On the current trajectory, Anthropic is on track to overtake OpenAI in absolute Italian B2B spend within the next quarter. That would have been an implausible claim six months ago.

This matters beyond vendor gossip. The Italian B2B market is in the middle of one of the fastest competitive re-rankings the SaaS industry has seen in years — and it is happening below the radar of most analyst coverage, because it is showing up as thousands of small card charges rather than a single headline contract.

“Vibe coding” becomes a budget line

After the big LLM providers, the fastest-growing category is AI-native developer tooling. Cursor is already the single largest AI coding tool in the dataset, present in a significant minority of all Italian companies we looked at. Lovable — the European “prompt-to-app” product that was essentially unknown 6 months ago — grew +156% in a quarter and is now in about 1 in 5 AI-adopting companies.

Put together, AI coding tools (Cursor, Lovable, Replit, v0, Bolt.new, Windsurf, Factory AI, and others) represent roughly 22% of the entire AI wallet — second only to the foundation model providers themselves. Unlike traditional IDE licenses, most of this is billed in small recurring increments on individual employees’ corporate cards. “Vibe coding” is no longer a meme; it’s a line item.

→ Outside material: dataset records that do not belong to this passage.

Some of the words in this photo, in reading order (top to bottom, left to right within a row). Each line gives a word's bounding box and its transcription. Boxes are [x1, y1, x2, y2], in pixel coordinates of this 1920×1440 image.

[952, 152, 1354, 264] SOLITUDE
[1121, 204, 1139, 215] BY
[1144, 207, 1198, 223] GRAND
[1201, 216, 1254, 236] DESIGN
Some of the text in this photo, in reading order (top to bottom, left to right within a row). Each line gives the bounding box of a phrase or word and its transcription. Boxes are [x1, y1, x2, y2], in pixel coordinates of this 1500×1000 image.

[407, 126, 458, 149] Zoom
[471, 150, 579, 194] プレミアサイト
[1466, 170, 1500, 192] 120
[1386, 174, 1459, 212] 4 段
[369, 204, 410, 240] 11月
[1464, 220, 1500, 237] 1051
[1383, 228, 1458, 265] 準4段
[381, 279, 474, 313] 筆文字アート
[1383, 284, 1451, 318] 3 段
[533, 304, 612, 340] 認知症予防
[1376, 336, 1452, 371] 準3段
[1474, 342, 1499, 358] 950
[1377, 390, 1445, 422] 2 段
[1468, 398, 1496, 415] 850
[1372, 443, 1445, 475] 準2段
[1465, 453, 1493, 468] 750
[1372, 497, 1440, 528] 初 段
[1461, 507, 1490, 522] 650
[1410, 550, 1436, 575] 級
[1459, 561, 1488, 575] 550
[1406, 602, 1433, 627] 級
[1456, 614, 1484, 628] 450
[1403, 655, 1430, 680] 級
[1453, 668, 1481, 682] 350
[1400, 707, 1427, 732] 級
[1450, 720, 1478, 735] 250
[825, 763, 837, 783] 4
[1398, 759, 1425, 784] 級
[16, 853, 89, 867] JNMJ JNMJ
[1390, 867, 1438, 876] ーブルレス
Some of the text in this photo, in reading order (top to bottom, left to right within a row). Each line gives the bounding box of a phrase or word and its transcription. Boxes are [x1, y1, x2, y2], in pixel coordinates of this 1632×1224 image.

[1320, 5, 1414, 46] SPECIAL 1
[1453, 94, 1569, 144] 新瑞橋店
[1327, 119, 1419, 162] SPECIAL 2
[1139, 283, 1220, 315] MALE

The usage curve, not the license curve

One pattern repeats everywhere in the data: AI is being billed as consumption, not as annual licenses. Only about 7% of AI transactions are larger than a few hundred euros — those are enterprise seat plans and API invoices. The overwhelming majority of AI charges are small, recurring, and distributed across many employees.

This has a real consequence for finance teams. AI doesn’t arrive as a single fat vendor renewal the CFO can negotiate once a year. It arrives as hundreds of small monthly charges across dozens of people. The companies handling this best are the ones that give visibility into AI spend at the team level, not the ones that try to block individual signups.

The European long tail is already here

Beyond the US-headquartered incumbents, the data makes one more thing clear: Italian companies are already paying for a real ecosystem of smaller, often European or Italian AI startups. Names like Pluno, Sema4, Zefi, Manus, Kombo, Peec, Aisa, Fyxer, Wren, and Simpliciter all show up as recurring charges on Italian corporate cards.

Taken together, this “emerging AI” segment already represents more total spend than the entire AI media category (ElevenLabs, HeyGen, Synthesia, Midjourney, Runway, Suno, and peers combined). In other words, a non-trivial share of Italian AI spend is already going to challengers, not just to the obvious incumbents — a different picture from the usual “everyone just buys OpenAI” narrative.

AI adoption in Italy is not a story about a few tech champions experimenting with ChatGPT. It’s a story about 8 in 10 companies quietly adding a new, fast-growing line to their corporate budget — and about which vendors they pick once the experiment becomes policy.

What to watch next quarter

  • The 10% threshold. If the current slope holds, AI will pass 10% of total Italian software spend before Q2 closes. Above 10%, categories usually start earning their own owner in the org chart.
  • The Anthropic-OpenAI crossover. Anthropic already leads on adoption. Spend leadership is a matter of weeks, not quarters, at current rates.
  • Coding tools going mainstream. Cursor and Lovable are already growing faster than the AI category as a whole. Expect these to appear in more and more non-tech companies.
  • Finance infrastructure catching up. AI is priced as consumption. Italian companies still budgeting it like SaaS licenses will be surprised by the line at year-end.